Data items:
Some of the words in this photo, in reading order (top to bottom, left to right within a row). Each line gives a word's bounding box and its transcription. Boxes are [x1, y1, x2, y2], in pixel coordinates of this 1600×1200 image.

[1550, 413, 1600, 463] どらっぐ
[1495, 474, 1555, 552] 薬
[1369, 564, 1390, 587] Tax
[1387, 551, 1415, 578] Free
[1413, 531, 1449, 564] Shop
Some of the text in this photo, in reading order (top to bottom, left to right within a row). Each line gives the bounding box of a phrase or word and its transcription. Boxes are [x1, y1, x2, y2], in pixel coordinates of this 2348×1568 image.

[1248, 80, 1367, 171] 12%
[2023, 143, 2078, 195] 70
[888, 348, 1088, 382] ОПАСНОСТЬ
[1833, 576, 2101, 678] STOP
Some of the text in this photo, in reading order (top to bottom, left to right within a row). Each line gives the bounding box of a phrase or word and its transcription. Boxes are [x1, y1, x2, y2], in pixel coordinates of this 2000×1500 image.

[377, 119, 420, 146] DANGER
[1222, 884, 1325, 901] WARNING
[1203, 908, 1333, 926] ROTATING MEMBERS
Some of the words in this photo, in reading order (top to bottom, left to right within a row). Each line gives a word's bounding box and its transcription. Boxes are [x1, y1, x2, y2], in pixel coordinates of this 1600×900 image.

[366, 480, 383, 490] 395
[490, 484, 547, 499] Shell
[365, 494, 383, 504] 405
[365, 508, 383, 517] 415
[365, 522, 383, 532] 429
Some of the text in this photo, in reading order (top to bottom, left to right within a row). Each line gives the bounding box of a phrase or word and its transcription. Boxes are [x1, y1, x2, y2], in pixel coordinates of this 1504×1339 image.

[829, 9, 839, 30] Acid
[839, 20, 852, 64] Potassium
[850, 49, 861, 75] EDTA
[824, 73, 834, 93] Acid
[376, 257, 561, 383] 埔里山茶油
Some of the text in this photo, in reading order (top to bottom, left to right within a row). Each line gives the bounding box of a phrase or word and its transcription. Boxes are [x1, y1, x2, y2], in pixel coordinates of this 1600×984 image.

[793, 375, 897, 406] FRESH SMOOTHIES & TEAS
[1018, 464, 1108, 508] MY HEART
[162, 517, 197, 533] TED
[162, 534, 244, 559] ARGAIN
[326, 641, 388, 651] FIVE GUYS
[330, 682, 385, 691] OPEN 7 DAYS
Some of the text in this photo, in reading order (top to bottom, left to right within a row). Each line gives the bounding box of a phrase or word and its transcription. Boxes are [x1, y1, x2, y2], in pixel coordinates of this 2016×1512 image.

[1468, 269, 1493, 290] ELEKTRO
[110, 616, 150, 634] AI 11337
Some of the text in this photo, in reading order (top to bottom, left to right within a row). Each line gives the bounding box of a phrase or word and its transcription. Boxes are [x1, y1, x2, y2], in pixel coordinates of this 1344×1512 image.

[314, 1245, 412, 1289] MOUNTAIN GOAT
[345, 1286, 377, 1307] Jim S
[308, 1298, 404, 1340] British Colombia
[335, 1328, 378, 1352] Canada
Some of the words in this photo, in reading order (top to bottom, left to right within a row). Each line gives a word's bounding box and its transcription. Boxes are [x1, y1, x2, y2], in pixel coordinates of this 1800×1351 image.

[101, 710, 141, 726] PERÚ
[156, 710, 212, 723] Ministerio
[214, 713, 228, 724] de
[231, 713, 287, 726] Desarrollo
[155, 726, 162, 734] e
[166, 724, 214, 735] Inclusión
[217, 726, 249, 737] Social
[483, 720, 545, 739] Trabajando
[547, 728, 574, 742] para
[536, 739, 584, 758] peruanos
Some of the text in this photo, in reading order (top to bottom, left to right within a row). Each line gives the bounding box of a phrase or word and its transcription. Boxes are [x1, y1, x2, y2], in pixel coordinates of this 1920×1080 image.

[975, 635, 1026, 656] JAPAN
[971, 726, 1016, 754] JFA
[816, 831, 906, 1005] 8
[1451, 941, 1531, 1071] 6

Task directions => The answer is the data above, retyped exactly in full.

Expected answer =>
Some of the words in this photo, in reading order (top to bottom, left to right within a row). Each line gives a word's bounding box and its transcription. Boxes are [x1, y1, x2, y2], in pixel coordinates of this 1600×1200 image.

[1550, 413, 1600, 463] どらっぐ
[1495, 474, 1555, 552] 薬
[1369, 564, 1390, 587] Tax
[1387, 551, 1415, 578] Free
[1413, 531, 1449, 564] Shop
Some of the text in this photo, in reading order (top to bottom, left to right within a row). Each line gives the bounding box of a phrase or word and its transcription. Boxes are [x1, y1, x2, y2], in pixel coordinates of this 2348×1568 image.

[1248, 80, 1367, 171] 12%
[2023, 143, 2078, 195] 70
[888, 348, 1088, 382] ОПАСНОСТЬ
[1833, 576, 2101, 678] STOP
Some of the text in this photo, in reading order (top to bottom, left to right within a row). Each line gives the bounding box of a phrase or word and its transcription. Boxes are [x1, y1, x2, y2], in pixel coordinates of this 2000×1500 image.

[377, 119, 420, 146] DANGER
[1222, 884, 1325, 901] WARNING
[1203, 908, 1333, 926] ROTATING MEMBERS
Some of the words in this photo, in reading order (top to bottom, left to right within a row). Each line gives a word's bounding box and its transcription. Boxes are [x1, y1, x2, y2], in pixel coordinates of this 1600×900 image.

[366, 480, 383, 490] 395
[490, 484, 547, 499] Shell
[365, 494, 383, 504] 405
[365, 508, 383, 517] 415
[365, 522, 383, 532] 429
Some of the text in this photo, in reading order (top to bottom, left to right within a row). Each line gives the bounding box of a phrase or word and its transcription. Boxes are [x1, y1, x2, y2], in pixel coordinates of this 1504×1339 image.

[829, 9, 839, 30] Acid
[839, 20, 852, 64] Potassium
[850, 49, 861, 75] EDTA
[824, 73, 834, 93] Acid
[376, 257, 561, 383] 埔里山茶油
Some of the text in this photo, in reading order (top to bottom, left to right within a row). Each line gives the bounding box of a phrase or word and its transcription. Boxes are [x1, y1, x2, y2], in pixel coordinates of this 1600×984 image.

[793, 375, 897, 406] FRESH SMOOTHIES & TEAS
[1018, 464, 1108, 508] MY HEART
[162, 517, 197, 533] TED
[162, 534, 244, 559] ARGAIN
[326, 641, 388, 651] FIVE GUYS
[330, 682, 385, 691] OPEN 7 DAYS
Some of the text in this photo, in reading order (top to bottom, left to right within a row). Each line gives the bounding box of a phrase or word and its transcription. Boxes are [x1, y1, x2, y2], in pixel coordinates of this 2016×1512 image.

[1468, 269, 1493, 290] ELEKTRO
[110, 616, 150, 634] AI 11337
Some of the text in this photo, in reading order (top to bottom, left to right within a row). Each line gives the bounding box of a phrase or word and its transcription. Boxes are [x1, y1, x2, y2], in pixel coordinates of this 1344×1512 image.

[314, 1245, 412, 1289] MOUNTAIN GOAT
[345, 1286, 377, 1307] Jim S
[308, 1298, 404, 1340] British Colombia
[335, 1328, 378, 1352] Canada
Some of the words in this photo, in reading order (top to bottom, left to right within a row). Each line gives a word's bounding box and its transcription. Boxes are [x1, y1, x2, y2], in pixel coordinates of this 1800×1351 image.

[101, 710, 141, 726] PERÚ
[156, 710, 212, 723] Ministerio
[214, 713, 228, 724] de
[231, 713, 287, 726] Desarrollo
[155, 726, 162, 734] e
[166, 724, 214, 735] Inclusión
[217, 726, 249, 737] Social
[483, 720, 545, 739] Trabajando
[547, 728, 574, 742] para
[536, 739, 584, 758] peruanos
Some of the text in this photo, in reading order (top to bottom, left to right within a row). Each line gives the bounding box of a phrase or word and its transcription. Boxes are [x1, y1, x2, y2], in pixel coordinates of this 1920×1080 image.

[975, 635, 1026, 656] JAPAN
[971, 726, 1016, 754] JFA
[816, 831, 906, 1005] 8
[1451, 941, 1531, 1071] 6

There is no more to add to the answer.